Methylation profiles have recently garnered much attention as tools to establish the cellular origins of cancers because CpG island promoter hypermethylation patterns are cancer-type specific43. We clustered 270 ovarian cancer samples (94 CCOCs, 157 HGSOCs, 8 MOCs, and 11 EMOCs) using non-negative matrix factorization in the methylation array and compared them to 30 normal samples {nine fallopian tube epithelium (FTE), three pelvic peritoneum mesothelium (PPM), 14 ovarian surface epithelium (OSE), and 4 endometrial epithelium (EME)}, using our dataset and publicly available datasets, GSE51820 and GSE81227. We independently performed hierarchical clustering analysis in cancer and normal tissues due to the batch effects among the datasets. Batch effects were more evident in normal tissues because the sample size was small with various ratios of three datasets (i.e., PPM samples were only from publicly available samples, while samples from uterine endometrium were only our samples). Methylation profiles were site-specifically defined by these four normal tissues (Fig. 3A, Supplementary Fig. 9). We confirmed that ovarian cancer samples were classified into three clusters, which corresponded to the methylation profiles of FTE, PPM, and OSE/EME tissues (Fig. 3A; Supplementary Fig. 10). PCA analysis of ovarian cancers revealed the presence of three distinct clusters. However, it's crucial to acknowledge that batch effects may influence these clusters. This consideration arises particularly due to the inclusion of several OSE-like FTE samples in the FTE-like cluster (Fig. 3B). The FTE-like cluster included 129 of 157 (83%) HGSOC samples and only five of 94 (5.3%) CCOC samples (P < 0.001; Fig. 3A). In addition, the FTE-like cluster included 6 of 11 EMOC samples. In contrast, the PPM-like cluster was predominantly enriched with CCOC samples (76 of 94, 81%). The OSE/EME-like cluster contained 12 of 94 (13%) CCOC samples, 16 of 156 (10%) HGSOC samples, 3 of 8 MOC samples (38%), and 7 of 11 (64%) EMOC samples. All three CCOC samples in the FTE-like cluster had TP53 mutations with a predominance of the BRCA signature, whereas all CCOC samples with ARID1A and/or PIK3CA mutations (n = 56) were classified into the PPM-like cluster. CCOC samples in the OSE/EME-like cluster were associated with the “double-negative” genotype (six of nine: 67%). These data suggest that PPM cells could be associated with the cells of origin of (typical) CCOC.

Figure 3
figure 3

Methylation-based clustering of ovarian carcinomas (CCOC, HGSOC, MOC, and EMOC) and normal tissues. (A) Comparison of non-negative matrix factorization consensus clustering of DNA methylation between ovarian cancers and normal tissues (FTE, PPM, OSE, and EME) using significant differentially methylated probes.
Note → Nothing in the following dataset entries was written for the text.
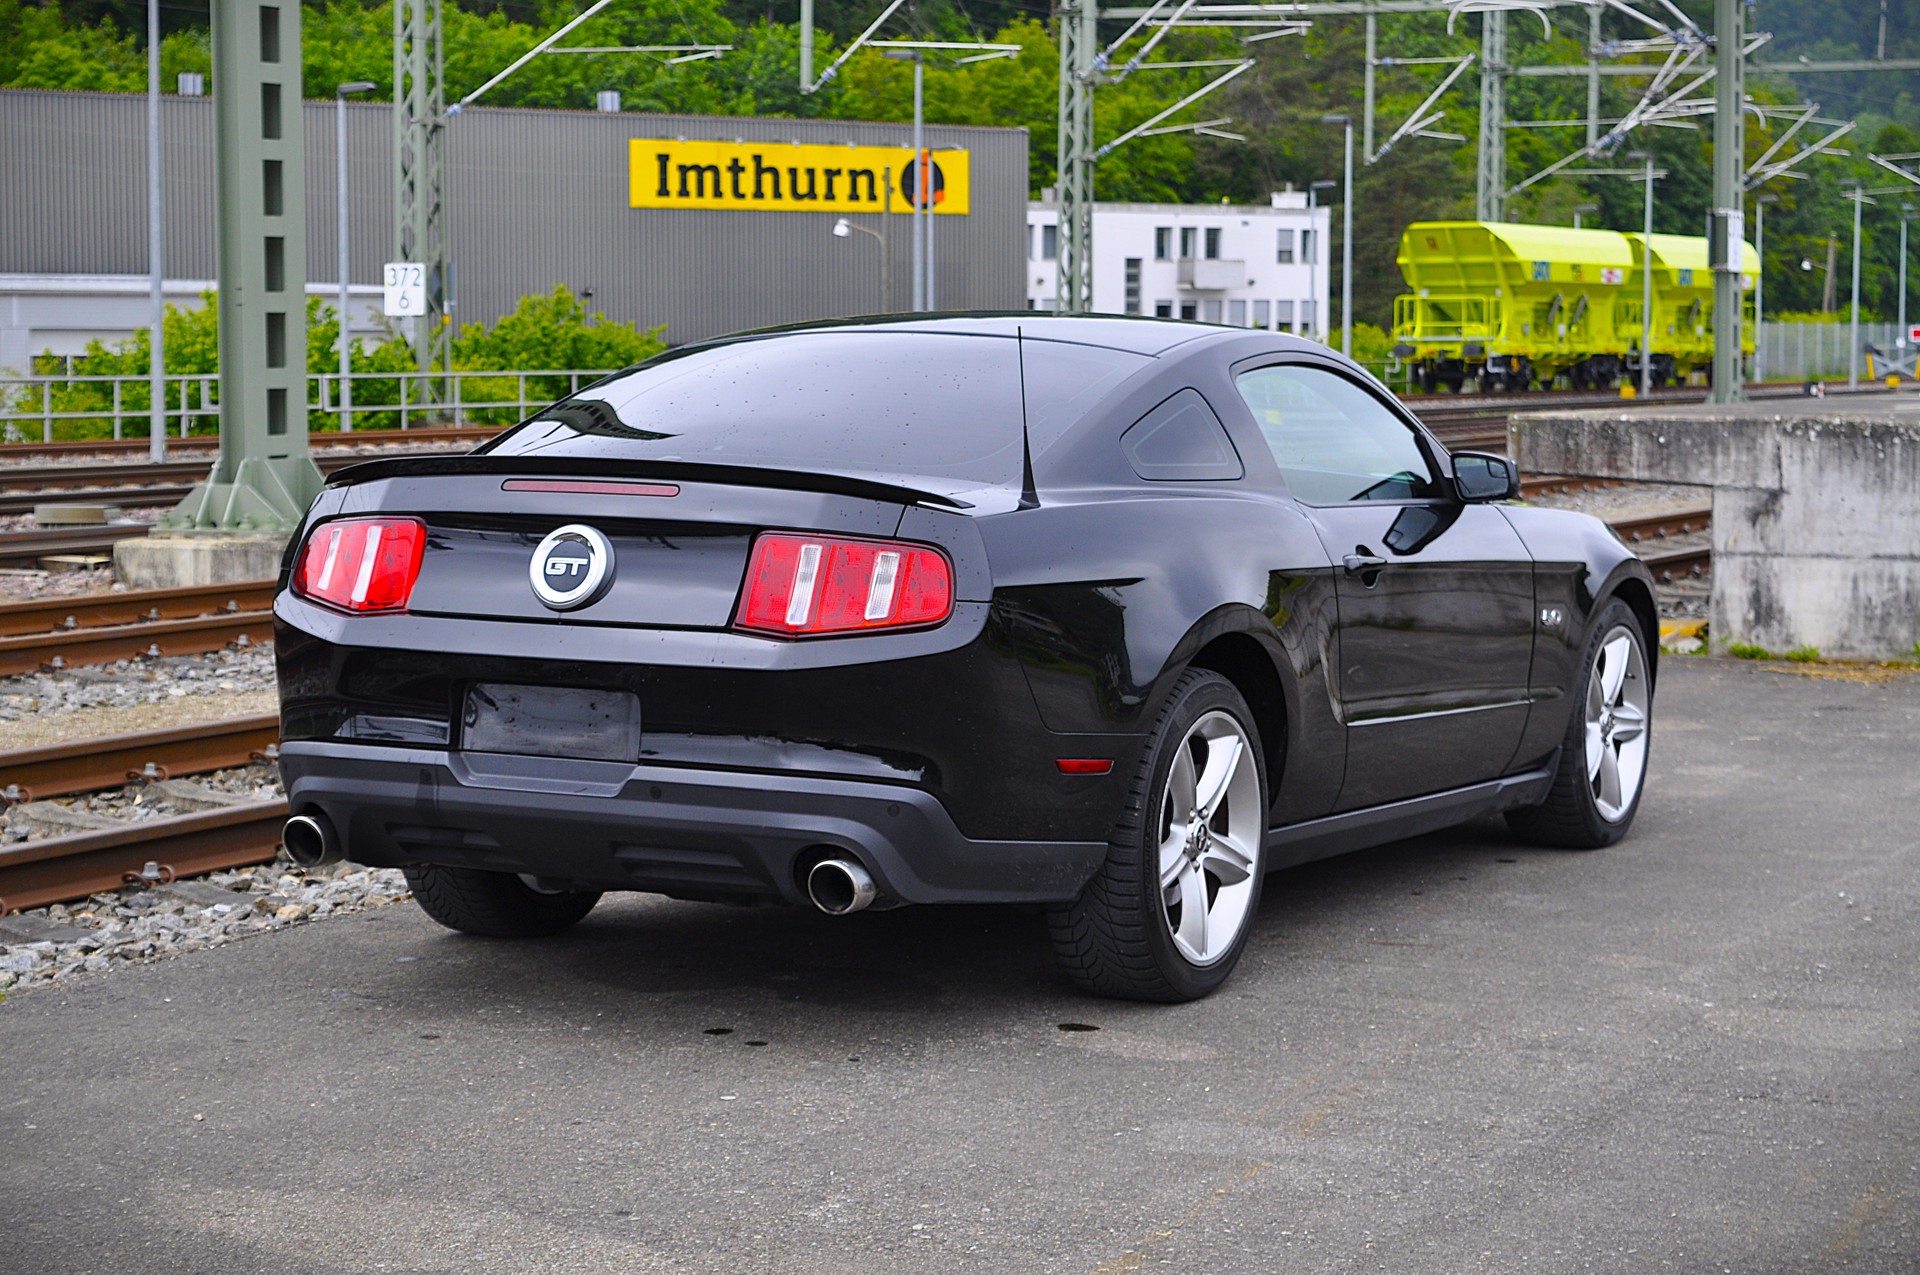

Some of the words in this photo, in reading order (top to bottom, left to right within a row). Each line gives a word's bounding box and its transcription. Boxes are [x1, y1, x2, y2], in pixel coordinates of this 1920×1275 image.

[656, 154, 878, 201] Imthurn
[387, 267, 421, 287] 372
[399, 289, 409, 310] 6
[545, 557, 589, 576] GT
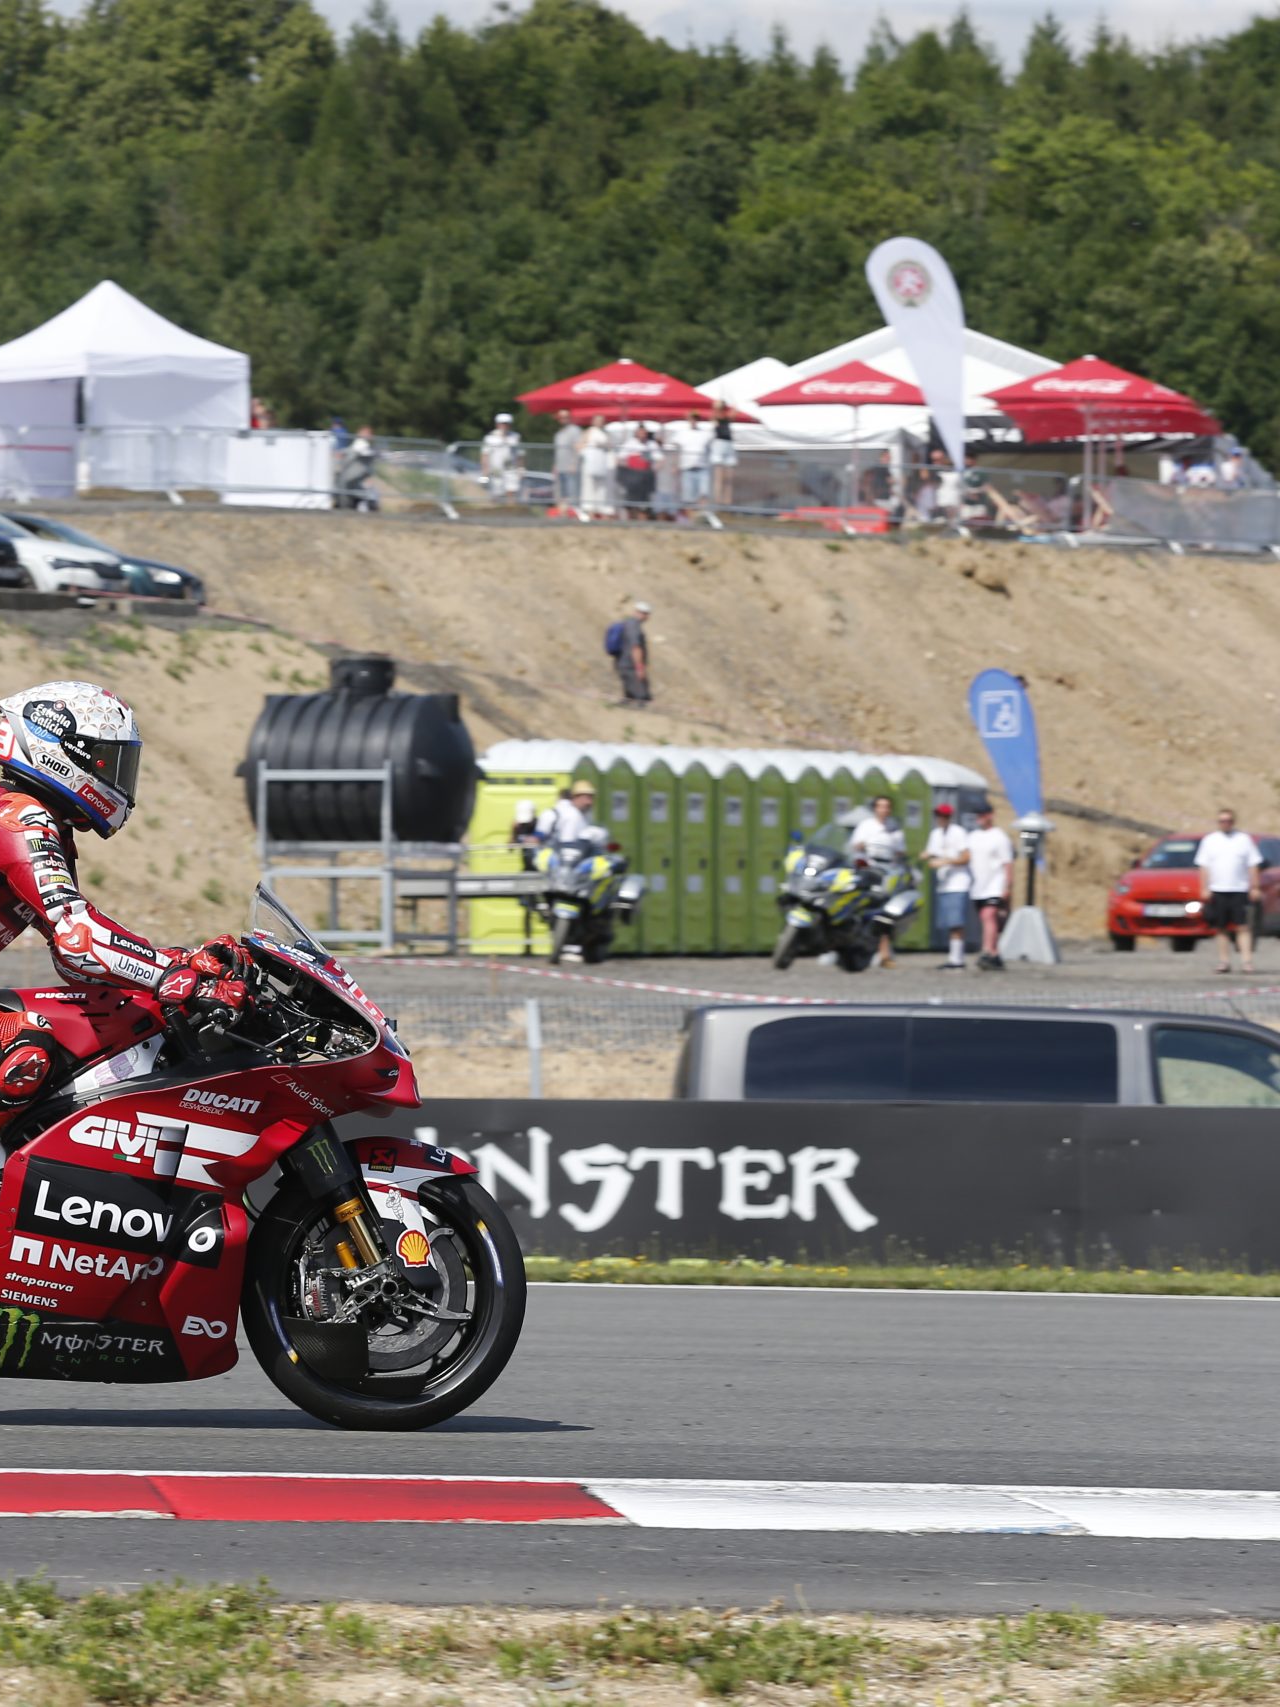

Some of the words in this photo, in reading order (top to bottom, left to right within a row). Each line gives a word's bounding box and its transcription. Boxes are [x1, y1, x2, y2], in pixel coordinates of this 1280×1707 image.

[30, 711, 64, 736] Galicia
[64, 740, 92, 760] verisure
[41, 754, 71, 777] SHOEI
[81, 787, 111, 815] Lenovo
[113, 935, 153, 958] Lenovo
[118, 956, 156, 984] Unipol
[178, 1100, 225, 1115] DESMOSEDICI
[183, 1088, 261, 1114] DUCATI
[286, 1080, 312, 1101] Audi
[308, 1097, 336, 1118] Sport
[69, 1115, 161, 1158] GIVI
[34, 1180, 217, 1253] Lenovo
[5, 1271, 74, 1292] streparava
[0, 1288, 58, 1308] SIEMENS
Our analysis includes CCOC (n = 92) and HGSOC (n = 83) samples alongside publicly available samples (11 CCOC, 65 HGSOC, 8 mucinous carcinomas, and 11 endometrioid carcinomas). (B) Principal component analysis of cancers (green, red, and blue dots are cancers in the FTE-like, PPM-like, and OSE/EME-like clusters, respectively) and normal tissues (shown in F, P, O, and E). (C) Methylation heat map sorted through unsupervised hierarchal clustering in PPM-like CCOC. The mutational status of ARID1A and PIK3CA is shown for each sample. (D) The list of enriched motifs detected in hyper-methylated enhancer regions in the SWI/SNF alteration cluster.

Subclassification

Methylation-based subclassification and correlation with the SWI/SNF depletion

We advanced the subclassification to explore epigenetic changes between normal PPM tissue and carcinoma by re-selecting 15,038 probes that were significantly different between normal PPM and PPM-like CCOC samples. Unsupervised hierarchical clustering identified two subgroups, stratified by the absence and presence of ARID1A mutations (ARID1A-intact cluster and ARID1A-mutated cluster) (Fig. 3C). The SWI/SNF-dependent distal enhancers are essential for controlling the expression of various genes44; therefore, we focused on the probe types that were hypermethylated or hypomethylated in the ARID1A-mutated cluster. The ratio of “Quiescent” probes was significantly enriched (53%) in the hypomethylated probes, whereas the ratios of “Promoter” (20%) and “Repressed Polycomb States” (24%) were significantly enriched in the hypermethylated probes (Supplementary Fig. 11), suggesting that the expression levels of specific genes were subsequently downregulated by the SWI/SNF depletion.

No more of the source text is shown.